Ho conosciuto Stefano Frapporti dieci anni fa, per dei lavori di sopraelevazione in casa mia. Un periodo breve, un mese circa, in cui comunque ho avuto modo di apprezzare la sua mitezza, la sua cordialità, la sua voglia di lavorare. Alla sera, finito il suo lavoro da muratore e lavatosi le mani dalla calce, Stefano partiva verso casa con lo scooter, immancabilmente con un sorriso. Ne ho un ricordo ancora vivo e quell'immagine serena stride oggi più che mai con quella di un presunto spacciatore, di un "criminale", come vorrebbero descrivere le cronaca di polizia di quel tristissimo giorno in cui Stefano ha perso la vita.

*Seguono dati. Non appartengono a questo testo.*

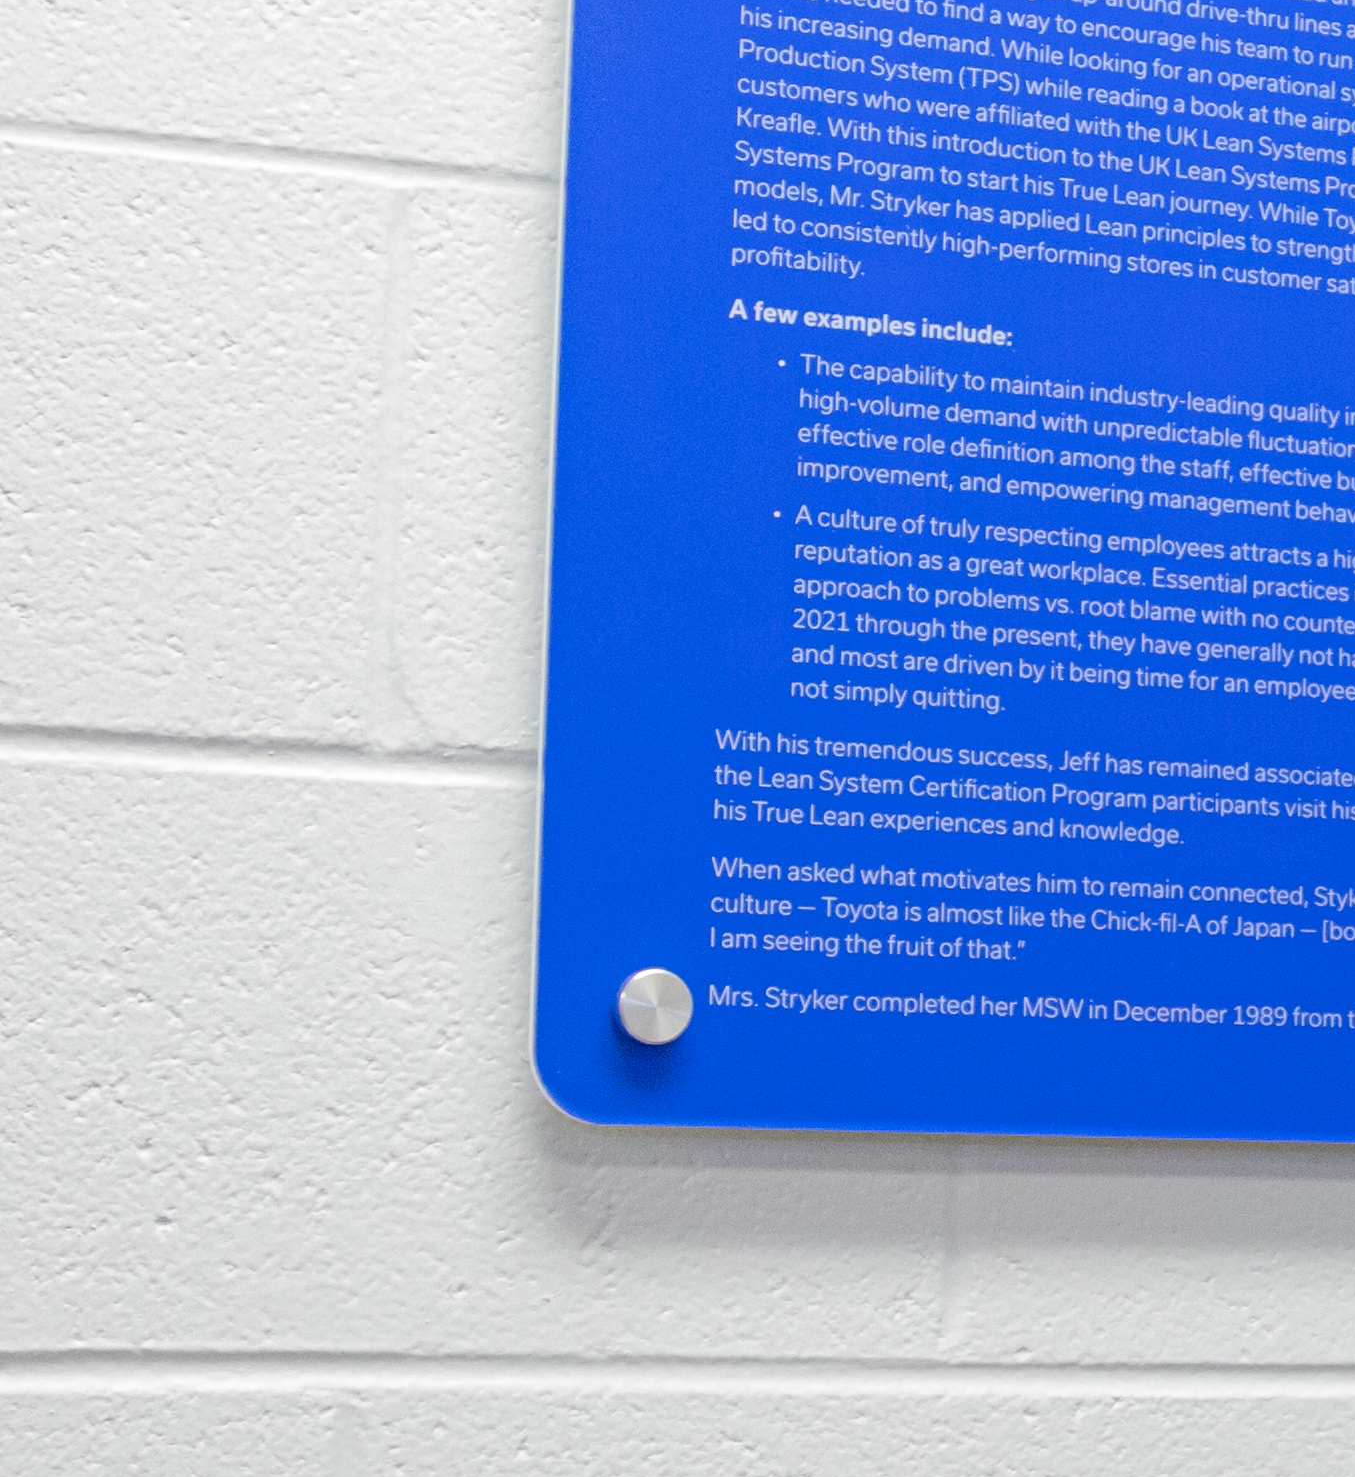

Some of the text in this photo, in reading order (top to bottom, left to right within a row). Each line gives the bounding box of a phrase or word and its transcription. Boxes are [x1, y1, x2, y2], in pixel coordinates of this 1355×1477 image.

Dico "perso" la vita, perchè molto spesso in atti come questi, la volontà della persona viene annichilita dagli eventi, dalla prepotenza di una realtà incomprensibile, dal prevalere della forza sulla ragione. Nulla e nessuno restituirà più ai suoi familiari Stefano - come dice il padre. Tuttavia è dovere di questa società e di chi la rappresenta, indagare e comprendere, stigmatizzare ed intervenire perchè non passi sotto silenzio una questione - una fra le tante di questa nostra giustizia italiana - che non si può passare come una normale questione di quotidiano "disagio" carcerario.

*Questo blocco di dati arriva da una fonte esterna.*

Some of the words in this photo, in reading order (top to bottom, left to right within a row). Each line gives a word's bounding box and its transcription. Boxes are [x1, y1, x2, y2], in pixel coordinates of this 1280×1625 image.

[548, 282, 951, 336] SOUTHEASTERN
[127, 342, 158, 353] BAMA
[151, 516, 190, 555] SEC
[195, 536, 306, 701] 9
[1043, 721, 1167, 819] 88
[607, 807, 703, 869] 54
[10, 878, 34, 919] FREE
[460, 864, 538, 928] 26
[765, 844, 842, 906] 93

MAURO PANIZZA (pubblicista, Volano)

Non riesco ad entrare nelle vesti del povero Stefano se non immaginandone lo supore prima (l'arresto) con tutti i suoi perchè; l'angoscia dopo (il carcere) con tutti i suoi perchè. Credo che quel vuoto di domande debba farci riflettere perchè può toccare ad ognuno di noi di fare la fine di Stefano.
ANTONIO MARCHI (pensionato, Trento)

Ho espresso solidarietà alla famiglia di Stefano Frapporti. Purtroppo mi rincresce constatare che non sempre le forze dell’ordine cercano la verità. Per sapere la verità è necessario partire dalla prevenzione. Intendo dire: rispetto per gli altri, che non c’è e che non c’è mai stato. C’è modo e modo di rapportarsi con le persone. Innanzitutto serve il dialogo - l’accertamento della verità e perché no, un po’ di umanità con psicologia preventiva. Scommetto che se fosse stato un collega... sarebbe stato diverso. Per la mia schiettezza ho pagato un prezzo salato perché una persona che esprime le sue versioni corrette oggigiorno è già una persona “carcerata”. Ovvero, un carcerato libero da recinti ma assillato da persecuzioni sottili.